As SSL director, Anderson initiated a senior fellow program that allowed research scientists to become principal investigators, thus able to handle the administrative and technical burdens associated with the special needs of space flight programs.
Kinsey was an author of approximately 200 papers and trained 24 graduate students on such diverse topics as instrument design; auroral, solar and cosmic x-ray emissions; energetic particles from the sun, Earth’s bow shock, magnetosphere and tail; the plasma physics of Halley’s Comet; and remnant magnetic fields of the moon and Mars.

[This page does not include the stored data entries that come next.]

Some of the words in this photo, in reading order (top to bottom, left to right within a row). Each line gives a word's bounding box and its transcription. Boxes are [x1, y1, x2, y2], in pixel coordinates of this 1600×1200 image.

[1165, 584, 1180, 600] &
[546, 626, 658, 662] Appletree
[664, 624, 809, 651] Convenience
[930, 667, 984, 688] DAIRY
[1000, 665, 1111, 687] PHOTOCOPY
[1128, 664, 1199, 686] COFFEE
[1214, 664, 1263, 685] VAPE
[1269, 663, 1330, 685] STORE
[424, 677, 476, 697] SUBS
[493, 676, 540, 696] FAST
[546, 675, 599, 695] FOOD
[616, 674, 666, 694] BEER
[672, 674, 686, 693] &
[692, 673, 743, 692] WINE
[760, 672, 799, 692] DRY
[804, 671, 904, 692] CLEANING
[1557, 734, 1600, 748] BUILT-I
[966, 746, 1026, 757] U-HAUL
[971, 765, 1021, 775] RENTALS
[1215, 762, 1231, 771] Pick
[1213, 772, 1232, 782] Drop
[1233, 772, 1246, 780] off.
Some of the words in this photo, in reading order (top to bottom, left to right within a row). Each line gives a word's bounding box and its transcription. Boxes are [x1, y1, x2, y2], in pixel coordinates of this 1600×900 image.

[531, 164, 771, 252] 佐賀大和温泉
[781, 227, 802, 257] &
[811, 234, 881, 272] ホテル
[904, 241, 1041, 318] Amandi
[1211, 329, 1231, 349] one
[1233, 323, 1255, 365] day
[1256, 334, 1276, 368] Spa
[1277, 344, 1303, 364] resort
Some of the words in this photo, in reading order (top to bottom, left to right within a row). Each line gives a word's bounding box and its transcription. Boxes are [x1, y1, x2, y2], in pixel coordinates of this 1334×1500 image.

His research achievements resulted in his election as a member of the National Academy of Sciences. He also received a Guggenheim Fellowship, the Space Science Award from the American Institute of Astronautics and Aeronautics, a NASA Medal for Exceptional Scientific Achievement, the Alexander von Humboldt Award, fellowships in the American Geophysical Union, the American Physical Society and the American Association for the Advancement of Science, as well as an honorary doctorate from the University of Toulouse. Upon his retirement from UC Berkeley in 1990, Kinsey received the Berkeley Citation for distinguished achievement and notable service to the university.
“Kinsey is remembered not only as a preeminent scientist, but as a humble, curious and witty man whose interests in art, music, nature and culture enriched the lives of all who knew him,” said SSL physicist George Parks.
Anderson is survived by his wife, Lilica Anderson (née Vassiliades) of El Cerrito; daughters Sindri Anderson of El Cerrito and Danae Anderson of Truckee, Calif.; and five grandchildren.
A memorial service is being planned for September.